Secret Agent’s strong Bond
Akira Tana, the first-call jazz drummer who made his name in New York with top artists like Sonny Rollins, Jim Hall and Lena Horne before coming home to the Bay Area 17 years ago, wasn’t a fanatical James Bond fan before recording his 2011 album of Bond themes, “Kiss Kiss Bang Bang.” But his appreciation for the 007 movies and their scores has grown ever keener.
“Doing this project has turned me on to listening to that music more carefully and really checking out the films,” says Tana.
In addition to his other gigs and projects, Tana continues to lead the Secret Agent Band, a stylish organ-jazz ensemble featuring superior Nashville singer Annie Sellick.
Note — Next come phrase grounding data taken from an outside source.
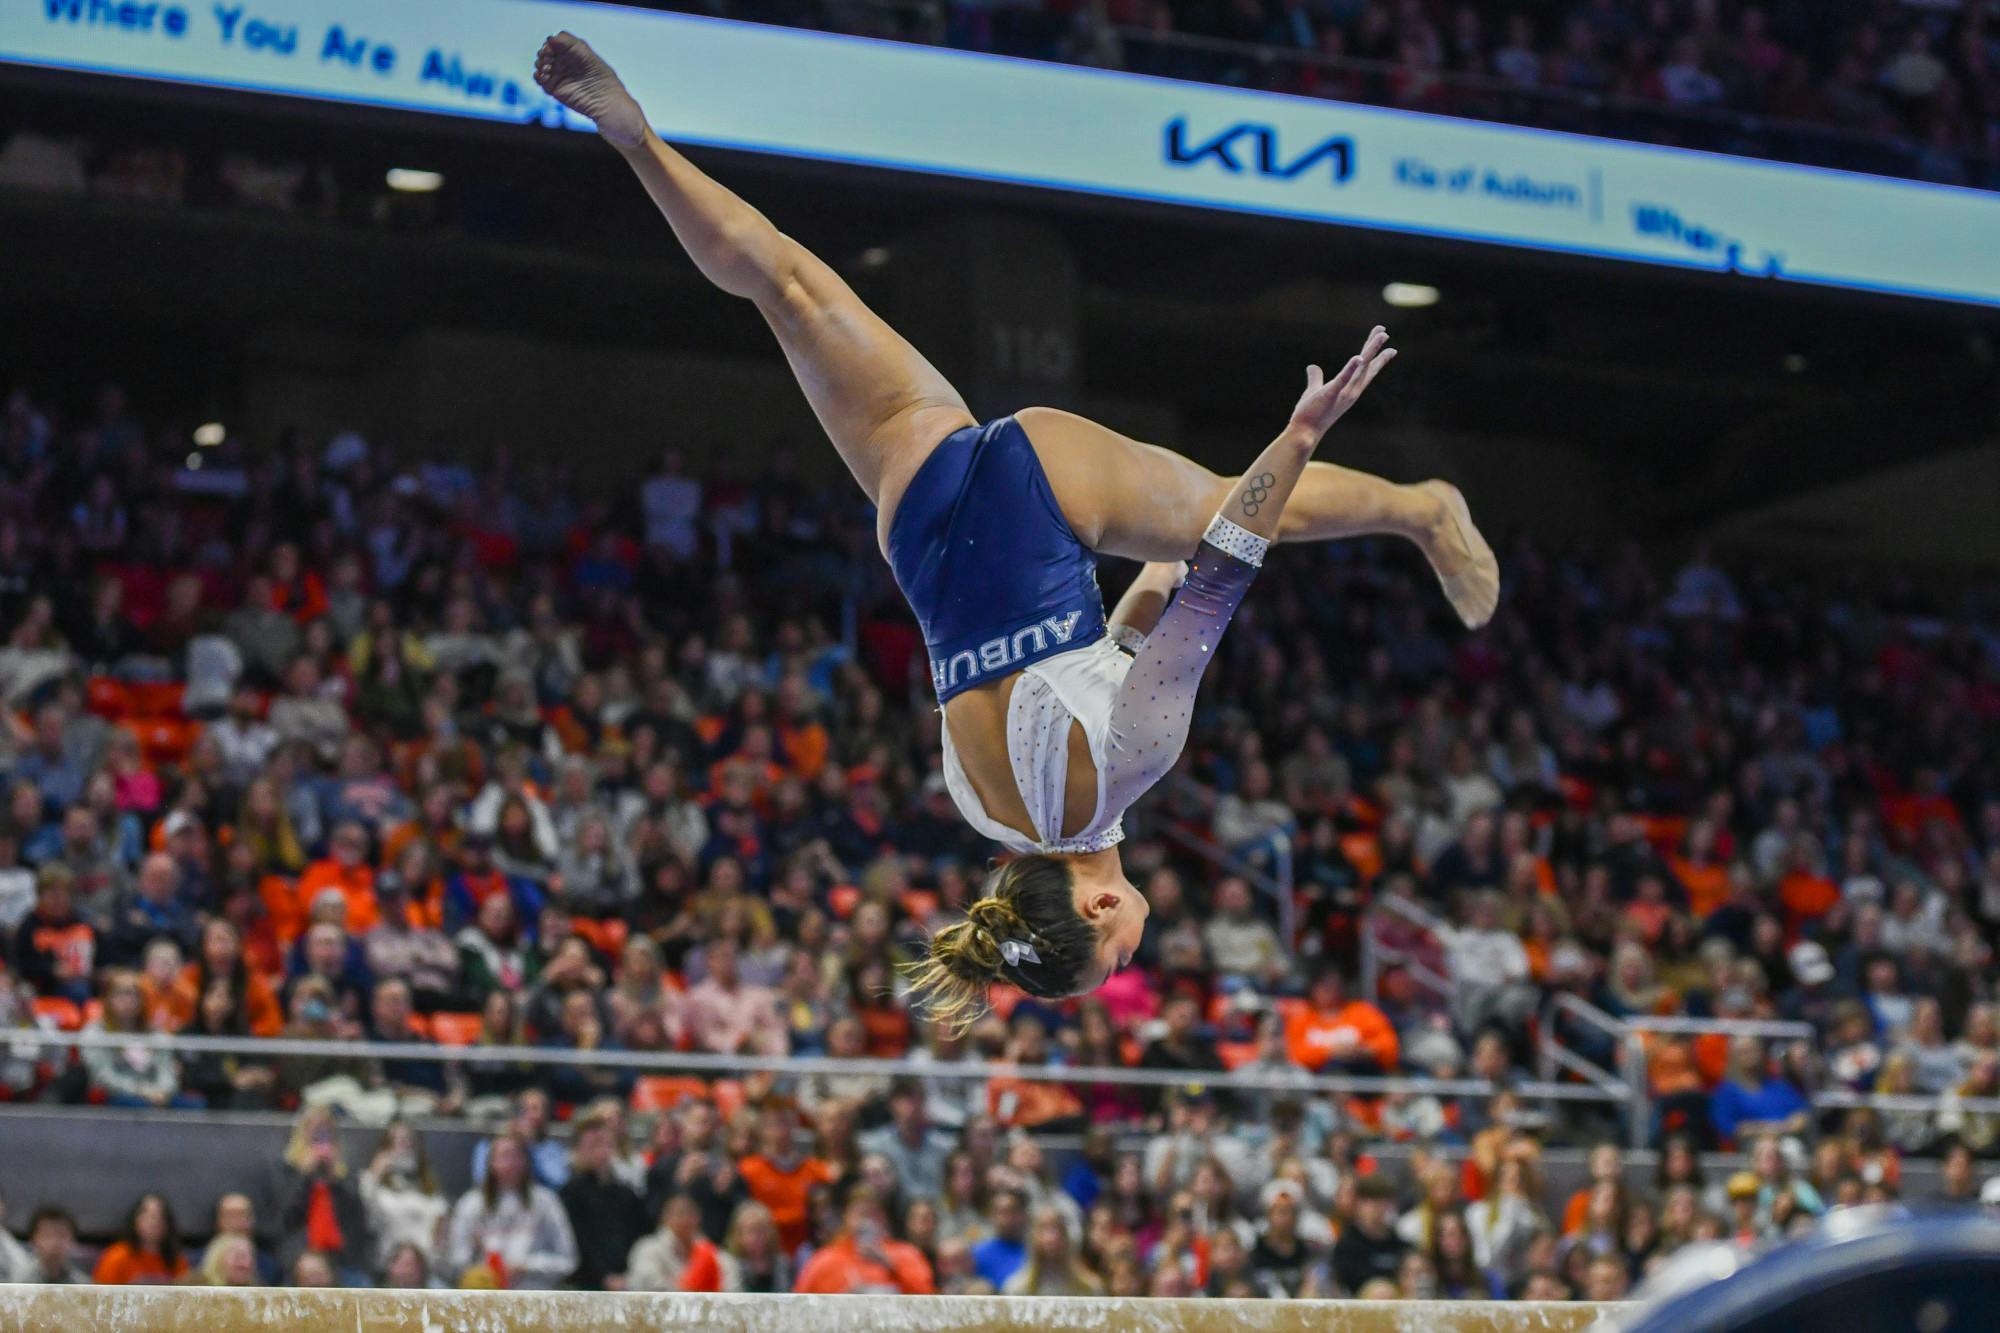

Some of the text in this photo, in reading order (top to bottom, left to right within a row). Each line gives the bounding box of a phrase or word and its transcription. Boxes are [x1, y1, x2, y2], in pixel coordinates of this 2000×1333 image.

[213, 6, 296, 53] You
[321, 26, 394, 73] Are
[1165, 116, 1354, 183] KIA
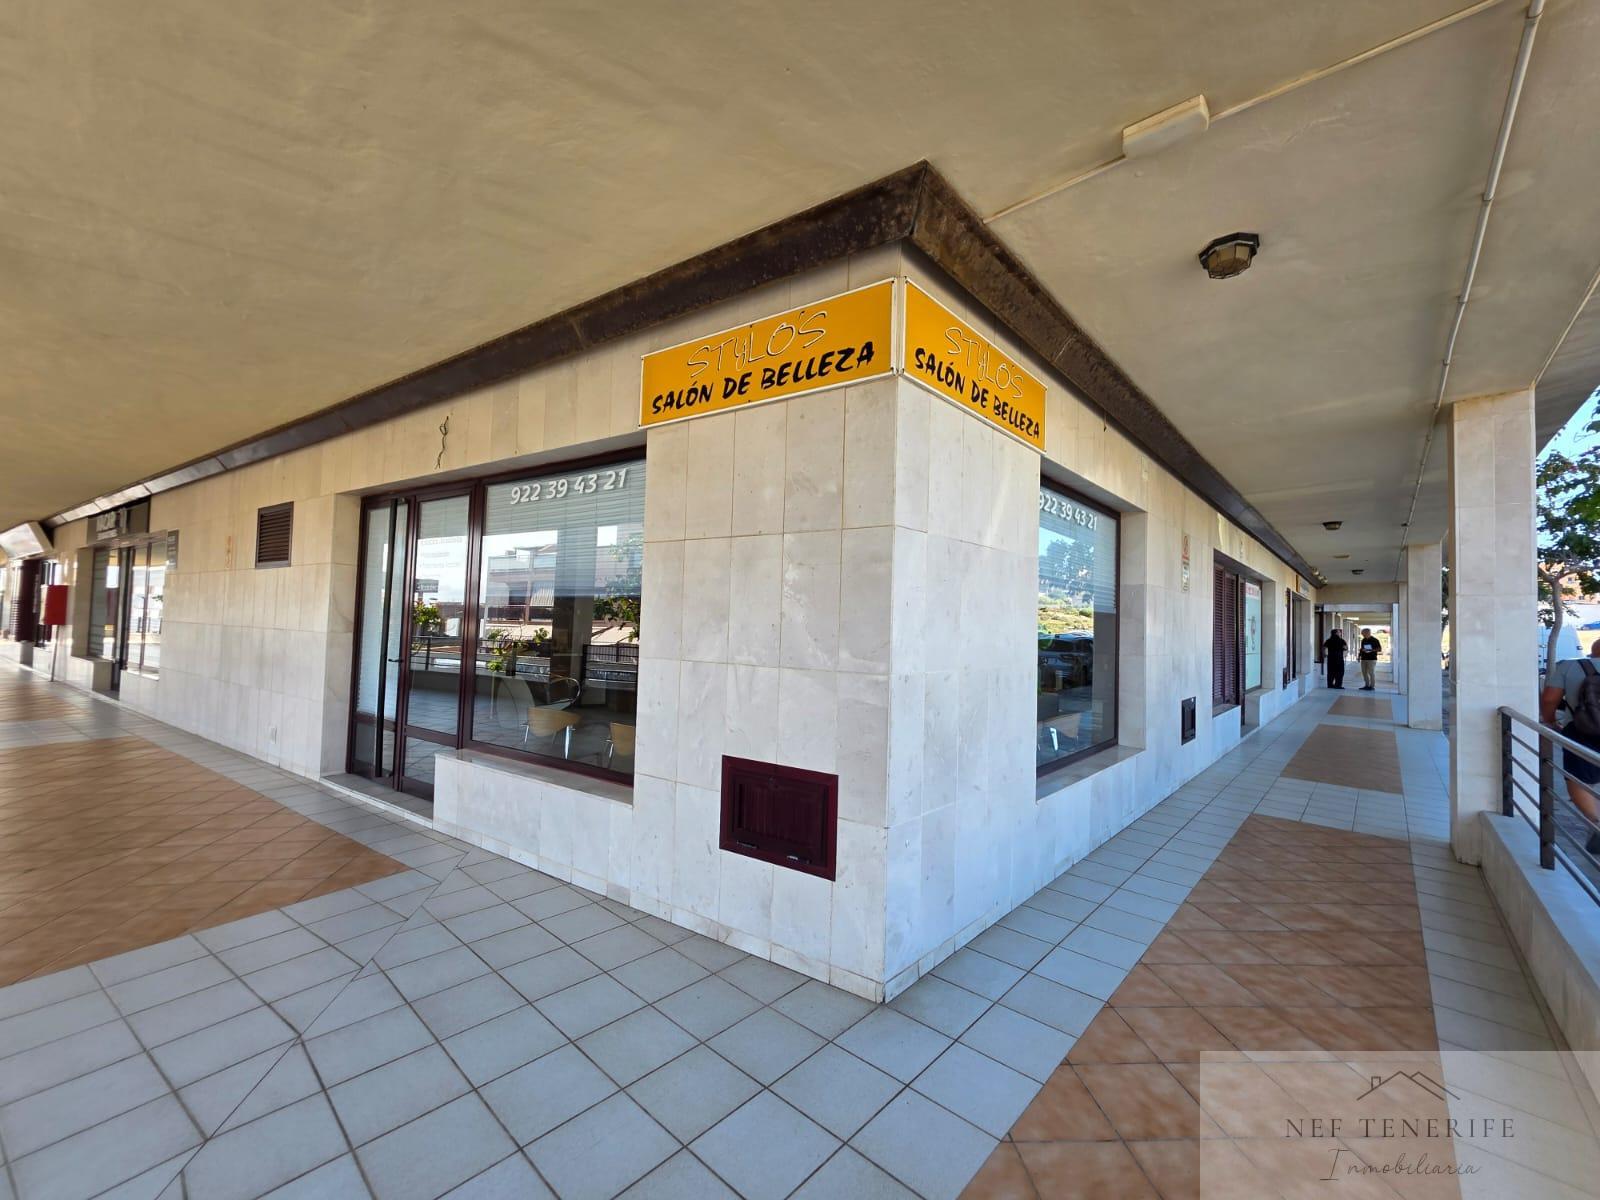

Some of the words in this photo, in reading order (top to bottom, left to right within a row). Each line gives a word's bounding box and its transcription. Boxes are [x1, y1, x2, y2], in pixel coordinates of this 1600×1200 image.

[652, 380, 714, 415] SALÓN
[722, 371, 752, 399] DE
[760, 341, 875, 391] BELLEZA
[914, 347, 966, 394] SALÓN
[971, 379, 989, 409] DE
[993, 394, 1040, 439] BELLEZA
[510, 483, 541, 504] 922
[546, 478, 568, 499] 39
[574, 473, 598, 494] 43
[603, 468, 629, 490] 21
[1060, 502, 1073, 521] 39
[1074, 507, 1086, 526] 43
[1087, 513, 1098, 531] 21
The current version of the band — whose seeds were planted when Tana recorded his 2002 album of film and TV themes, “Secret Agent Man,” featuring the turbaned organ master Dr. Lonnie Smith — brings Sellick and Tana together with two fine Bay Area players, saxophonist James Mahone and guitarist Jeff Massanari, plus the rousing Osaka-based Hammond B-3 organist Midori Ono.
This stripped-down group — Ono covers the bass line with her foot pedals — serves up the Bond songs its way on Sunday, Aug. 6 at Jazz at Filoli in Woodside. They play off the harmonically rich arrangements that Larry Dunlap wrote for the recording in a leaner, looser setting ripe of improvisation.
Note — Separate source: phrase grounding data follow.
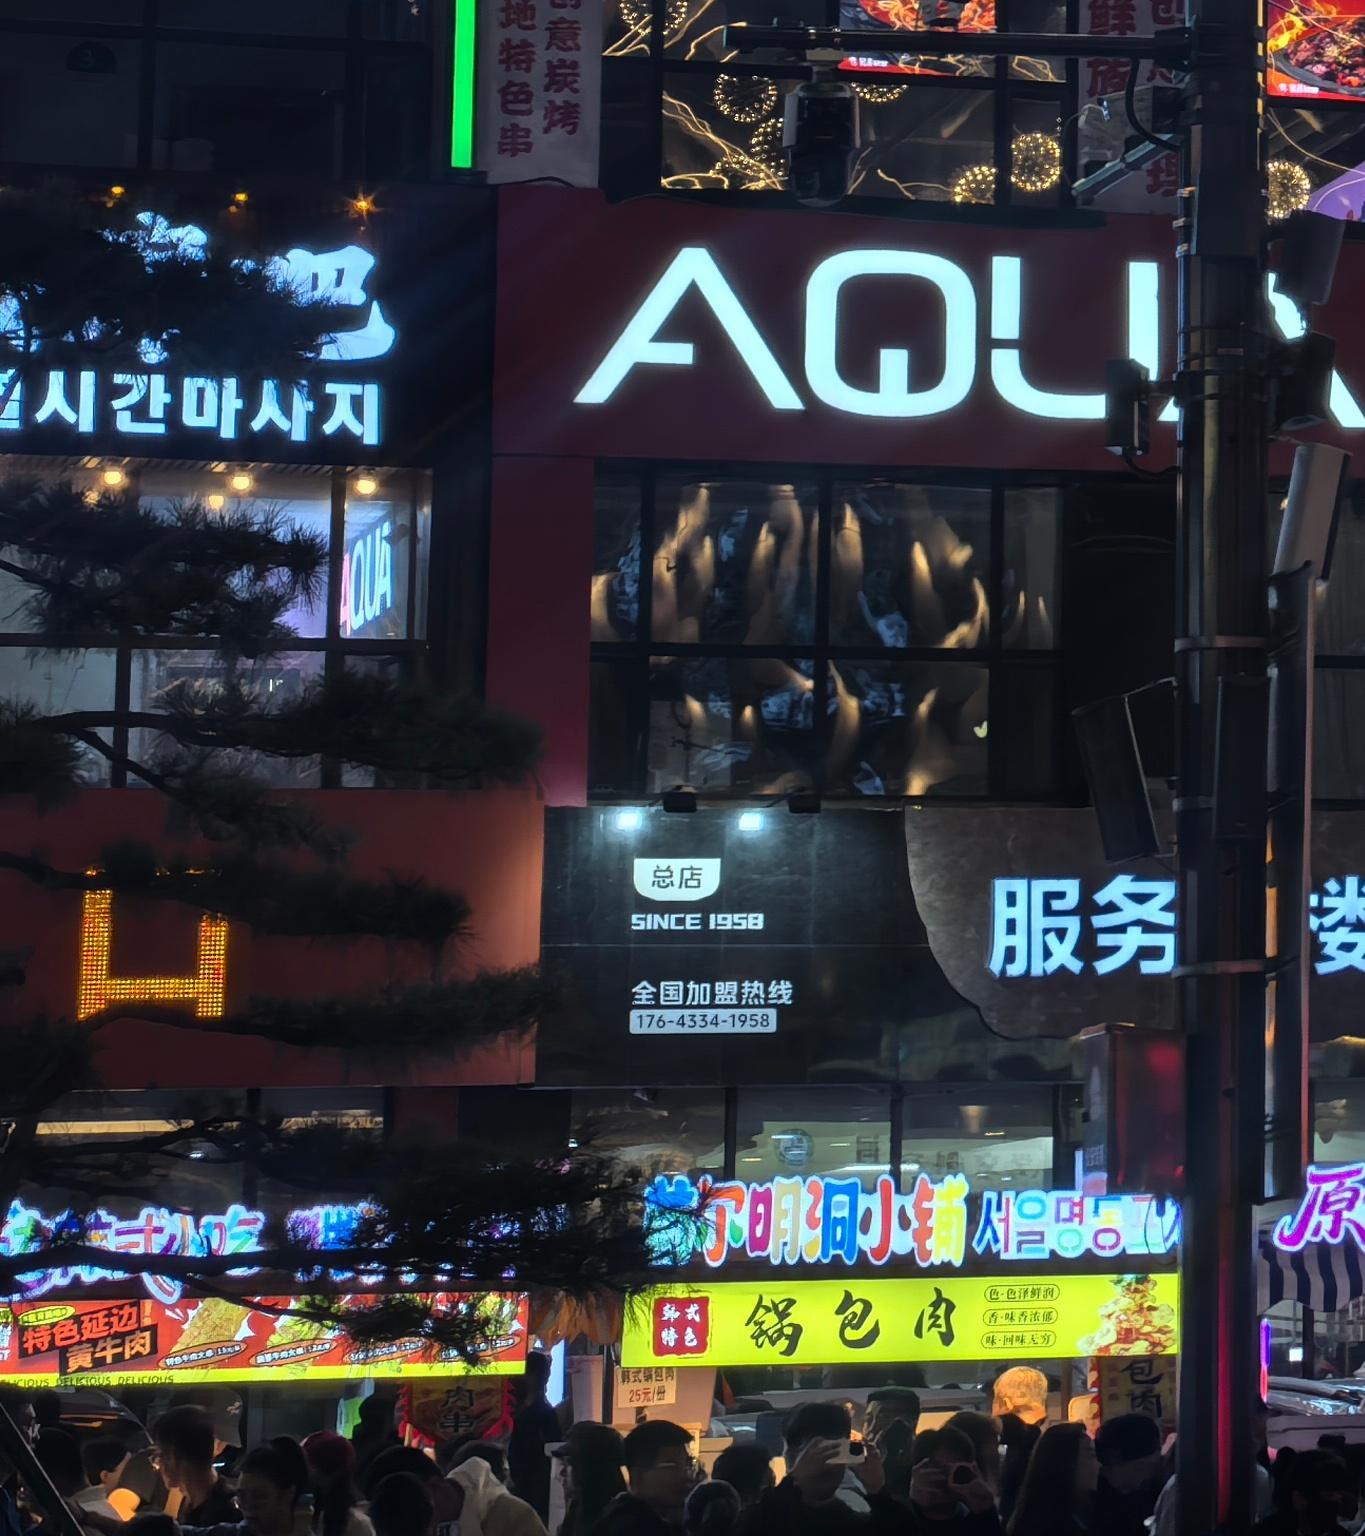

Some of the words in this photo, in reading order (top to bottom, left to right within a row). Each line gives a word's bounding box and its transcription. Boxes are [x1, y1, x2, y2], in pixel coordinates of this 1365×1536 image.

[651, 865, 704, 889] 总店
[631, 912, 702, 931] SINCE
[709, 912, 765, 931] 1958
[631, 979, 794, 1007] 全国加盟热线
[636, 1014, 770, 1030] 176-4334-1958
[745, 1286, 957, 1358] 锅包肉
[66, 1331, 151, 1373] 黄牛肉
“It’s really fun, timeless music. People know these songs, so for those who many not be that familiar with jazz, the intricacies of it, this is a good introduction,” says Tana, who grew up in Palo Alto, where he used to see Jerry Garcia teaching guitar at Dan Morgan’s music store and where he played in a rock band that opened for the Pigpen-era Grateful Dead.
Tana was unfamiliar with Sellick, a versatile vocalist with subtle theatrical flair, until the producer of “Kiss Kiss Bang Bang” put them together. She brings a pleasing insouciance to the Bond stuff, singing “Goldfinger” with a sultry sinuousness befitting Dunlap’s bossa nova arrangement. She also tells stories about the songs.
“She’s the Bond girl,” Tana says.
They also perform this music at the Blue Wing Blues Festival in Upper Lake (Lake County) Friday, Aug. 4, as well as a set with Japanese blues guitarist Takezo Takeda.
For more information, go to https://filoli.org/event/jazz-atfiloli or http://bit.ly/2tH2JSt.
Children’s theater celebrates 50 years
Children’s Musical Theater San Jose, the South Bay city’s oldest performing arts enterprise, celebrates its golden anniversary this year with a string of performances and reunions. Company alumni include actor Ryan Vasquez, who is in the national touring cast of “Hamilton,” and Alex Brightman, nominated for a Tony Award for his Broadway performance in “School of Rock.”
In addition to productions of “West Side Story,” “Avenue Q,” “Guys and Dolls,” “The Who’s Tommy” and other shows performed by children and young adults age 4-20 — the company prides itself on turning no child away, “regardless of financial or physical limitations” — the 2017-18 season includes performances in December of “Disney: Newsies the Musical” by a cast of company alumni and Bay Area dance pros.
For more information, go to www.cmtsj.org.
‘Mighty’ Mike in Oakland
Veteran Bay Area blues guitarist “Mighty” Mike Schermer, who has backed Bonnie Raitt, Elvin Bishop and Marcia Ball, headlines as a leader for the first time at Yoshi’s on Aug. 21, playing and singing with a solid crew featuring saxophonist Nancy Wright, drummer Paul Revelli, keyboardist Tony Stead, bassist Steve Ehrmann and the harmonizing singers of Sweet Nectar.
He also performs as part of the Guitarsonists, along with Chris Cain and Daniel Castro, at Kuumbwa Jazz in Santa Cruz on Aug. 24.
Schermer is a native of Long Island, N.Y., from a brainy family. His father was a nuclear physicist who worked at Los Alamos, N.M.; one sister is a geophysicist, another, a trauma surgeon. He calls himself the black sheep of the clan.
“I took a left turn,” he says, “when I heard the first note by Albert Collins.”
For more information, go to www.yoshis.com or www. kuumbwajazz.org.
A day of music of many kinds
As usual, the SF Friends of Chamber Music, which recently renamed itself InterMusic SF, has booked a wide range of groups for the 10th annual SF Music Day on Sept. 24, a free, seven-hour feast of noncommercial Bay Area music on four stages around the Veterans Building.
The ensembles include the Paul Dresher Ensemble, Alexander String Quartet, Amy X Neuburg, saxophonist Howard Wiley’s Trio and Real Vocal String Quartet.